It has become a tradition to end the year with my seniors by writing speeches. Each student writes a commencement speech to deliver to the rest of the class, and I write one as well. Here is my message to this year's graduating class, who are headed out into a world that desperately needs their intellect, creativity, empathy, and passion. 

This year, for the first time, I also made a recorded version posted to YouTube. You watch that here or read the transcript below. Feel free to share. 

Fourth marking period is normally my favorite marking period with seniors. I can jettison diction, and due dates, and debate skills and just chat about where you are going next year, what you hope to become. I lean on my desk after class, the smell of fresh cut grass wafting through windows on waves of heat, and hear about your dreams taking shape. Your excitement reverberates off the cinderblock. Your energy hums louder than the fluorescent lights. In the minutes between classes we talk about nothing and everything, and slowly you prepare to leave. Slowly, I prepare to see you go.

That has been stolen and I feel the loss of this pandemic in all those missed conversations. To those fortunate enough to have avoided COVID-19: I hope you remain safe and healthy. For those whose family members have lost their jobs: I hope they are back to work soon. For those whose loved ones have passed away from the disease: I am profoundly sorry. 

Your senior year has been decimated by this pandemic and I want to take a moment to mourn that loss together. So here is an incomplete list of things you have lost. Senior trip and all its Mickey-eared magic. Prom, prom dresses, prom pictures, proma, promenade. You have missed trying to pin a boutonniere to your date’s lapel, the frenetic sweat-soaked dance floor, the ride to the shore where for one weekend the salt air smells only of adventure, and excitement, and the boundless future. Graduation - at least in all its normal crowded, beach-ball-tossing, sun-drenched, air horn-blaring, what’s-he-wearing-under-that-gown glory. You have lost yearbook signings. You have lost the time of year when hugs pass from person to person more easily than this virus. 

I am sure some of you are worried that you have been robbed of some of the best experiences of your lives, because people keep telling you that high school is the best time of your lives. That is unequivocally wrong. I really enjoyed high school, but now at age forty-four, there is not a single experience from high school that remains on any top-ten list in my life. I could not tell you who I went to prom with, or recount a single memory from my senior trip. Don’t believe anyone who tells you these are the best years of your lives. You are just starting out. So, try to move quickly beyond mourning the losses of these last few months and instead look to the future. 

The world needs your help. 

Cities all across America have been burning this past week. After watching George Floyd’s murder the righteous outrage of peaceful protests have spilled over to violence and destruction. Again we are forced to look at the systemic racism of this country that has created, and continues to create, two very different Americas depending on your race. 

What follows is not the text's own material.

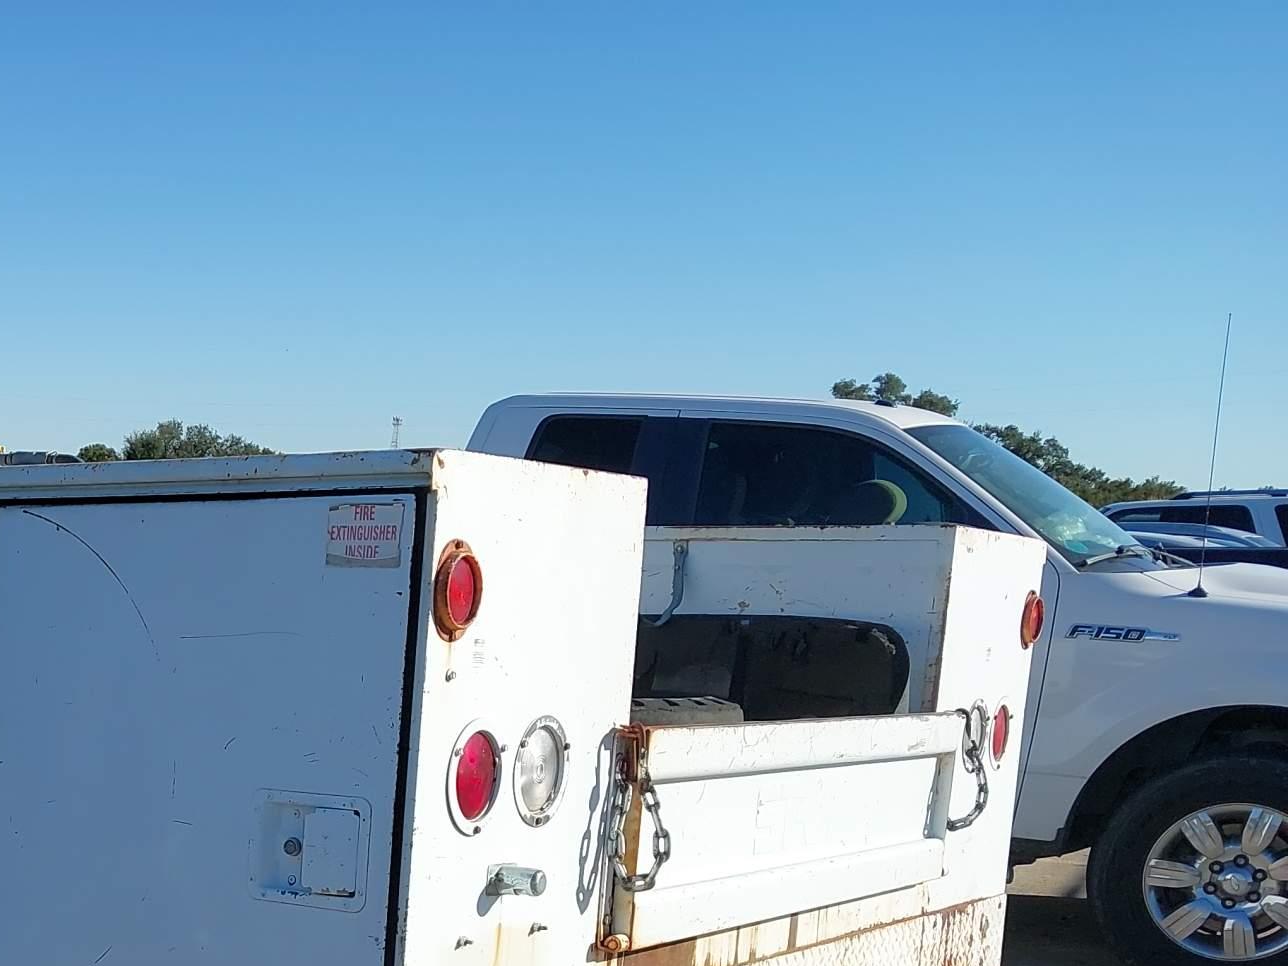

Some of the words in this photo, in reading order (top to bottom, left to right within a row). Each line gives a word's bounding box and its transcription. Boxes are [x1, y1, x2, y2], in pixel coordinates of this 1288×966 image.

Again we are forced to listen to arguments that completely miss the point, like those saying “All Lives Matter” or trying to rhetorically diminish the protesters' cause by calling them “thugs,” by speaking of “riots” rather than “rebellion.” Now is the time to analyze words closely. Our founding fathers looted British ships, stealing their goods and tossing them overboard, and we have celebrated them since with the euphemistic title of the “Boston Tea Party.” I find it unlikely that in the shadows there were not a few bad seeds thinking, “Sweet, free tea!” The armfuls they stole have been lost to history behind the larger reality: brave patriots rebelling. Or was it thugs rioting? Semantics are tricky. 

Again we are forced to examine the concept of privilege. Here is an illustration.

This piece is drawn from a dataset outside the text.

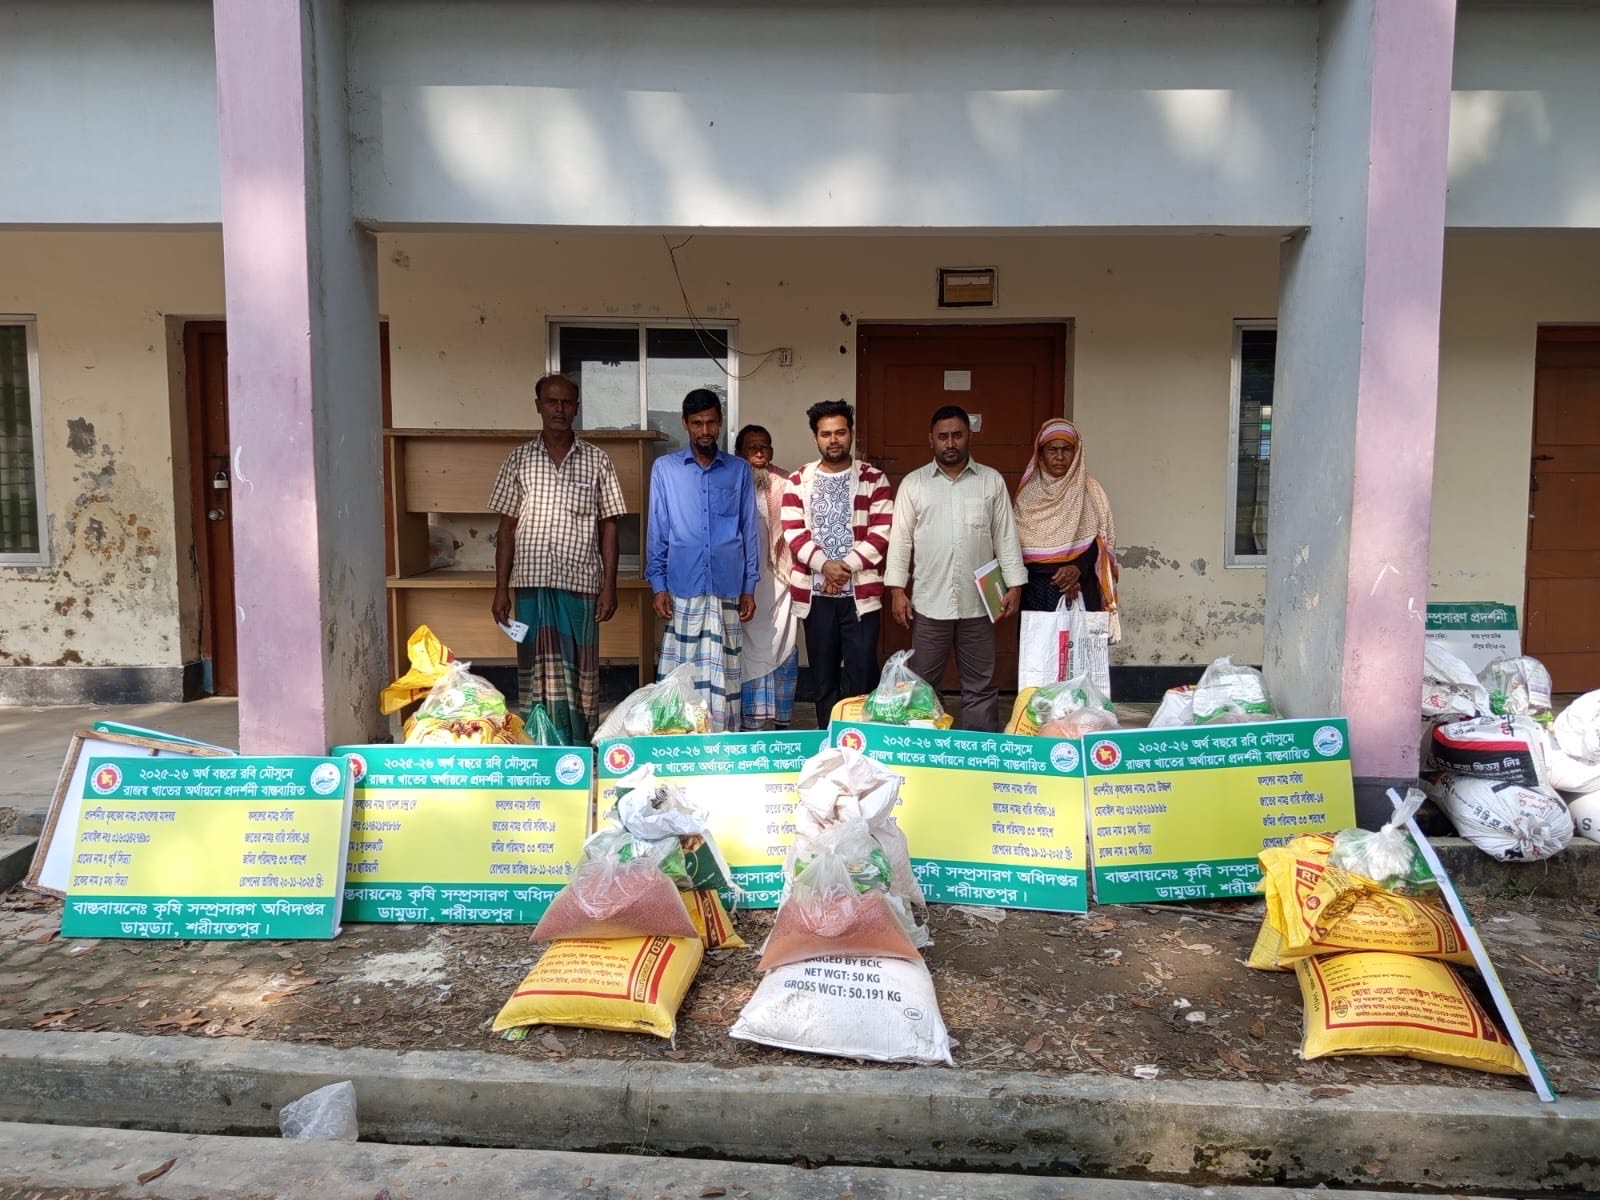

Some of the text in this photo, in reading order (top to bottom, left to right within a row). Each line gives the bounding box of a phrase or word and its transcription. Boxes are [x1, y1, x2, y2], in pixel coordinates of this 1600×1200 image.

If I passed a counterfeit twenty at a local convenience store, as George Floyd is alleged to have done, an employee would have come around the counter as I walked out the door. “Excuse me, sir,” they would say. “I’m sorry, sir, but I don’t think this is a real twenty-dollar bill.” The police would not be called. 

If the police were called, the officer would approach me in a similar fashion. “Good afternoon, sir,” he would begin. If I had knowingly passed a counterfeit twenty, even had a wallet stuffed with them, the officer would assume it had been a mistake. He would size me up in a moment as a suburban white male and draw conclusions based off of that. 

Those conclusions would benefit my well-being rather than endanger it.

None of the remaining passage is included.